Tikhanovsky

L’attivista e dissidente bielorusso è stato rilasciato a sorpresa. Nel regime di Lukashenko ancora oltre un migliaio di prigionieri politici

Dopo cinque anni di detenzione politica, è libero Serghei Tikhanovsky, tra i leader più influenti dell’opposizione bielorussa. L’attivista era stato arrestato nel 2020, durante la campagna per le elezioni presidenziali alle quali avrebbe sfidato il despota indiscusso di Minsk, Alexander Lukashenko. Ad accogliere il blogger dopo la sua scarcerazione, sabato 21 giugno, è la moglie Svetlana Tikhanovskaya che, dopo l’arresto del marito, ha assunto la leadership dell’opposizione in esilio in Lituania.

L’attivista era stato formalmente accusato e incriminato di organizzare proteste di massa contro Lukashenko, incitare alla violenza e ostacolare le elezioni, reati per il quale viene condannato a 18 anni. Dietro il suo arresto c’era il suo attivismo politico mirato a scalzare dal potere Lukashenko, guida indiscussa del Paese dal 1994.

Proteste dell’opposizione bielorussa a Berlino. I manifestanti chiedono il rilascio delle centinaia di prigionieri politici detenuti dal regime di Lukashenko (EPA/CLEMENS BILAN / POOL)
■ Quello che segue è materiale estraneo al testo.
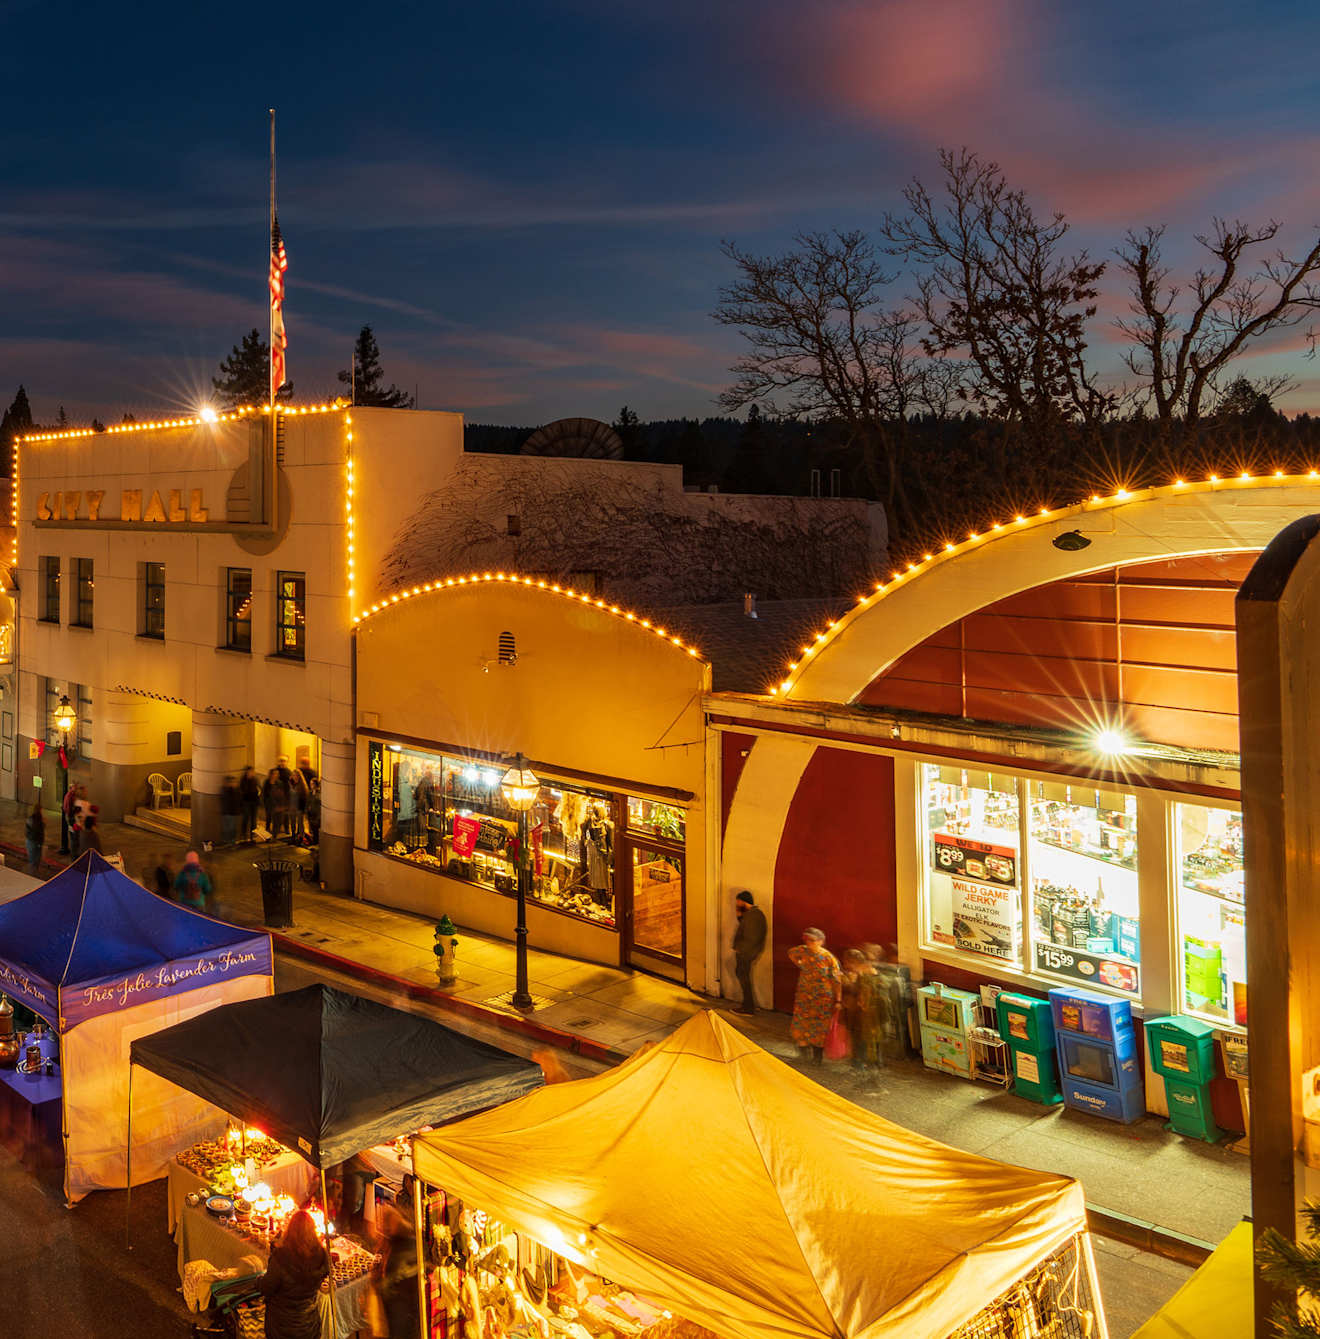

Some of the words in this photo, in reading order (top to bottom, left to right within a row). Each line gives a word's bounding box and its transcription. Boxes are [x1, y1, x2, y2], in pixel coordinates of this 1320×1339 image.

[37, 490, 106, 521] CITY
[120, 488, 209, 523] HALL
[371, 751, 382, 840] INDUSTRIAL
[953, 882, 977, 894] WILD
[980, 887, 1009, 902] GAME
[964, 893, 997, 907] JERKY
[962, 903, 1000, 916] ALLIGATOR
[958, 938, 982, 951] SOLD
[983, 945, 1009, 957] HERE
[83, 987, 113, 1006] Très
[117, 973, 153, 1006] Jolie
[156, 959, 217, 988] Lavender
[219, 951, 256, 972] Farm
Come tutti i prigionieri rilasciati, Tikhanovsky ha chiesto e ottenuto la grazia ed è stato forzato all’esilio.

Tra il Belarus e la Bielorussia: le storie di chi fugge dal regime di Lukashenko

Tikhanovsky e la rivoluzione delle ciabatte

Come molti dissidenti, anche Tikhanovsky ha costruito la sua fama dal basso, attraverso i social e con la sua attività di blogger. È in occasione delle elezioni presidenziali del 2020 che l’attivista decide di mettere a sistema tutto il malcontento raccolto e raccontato nel Paese, lanciando la propria candidatura. Grazie a uno stile comunicativo esplosivo e icastico, Tikhanovsky guadagna molti consensi, soprattutto tra le nuove generazioni, tanto che diventa un leitmotiv il suo slogan “schiaccia lo scarafaggio“, in riferimento a Lukashenko. Nelle piazze gremite, le folle portano con sé delle ciabatte proprio per mimare l’atto di schiacciare l’oppressore.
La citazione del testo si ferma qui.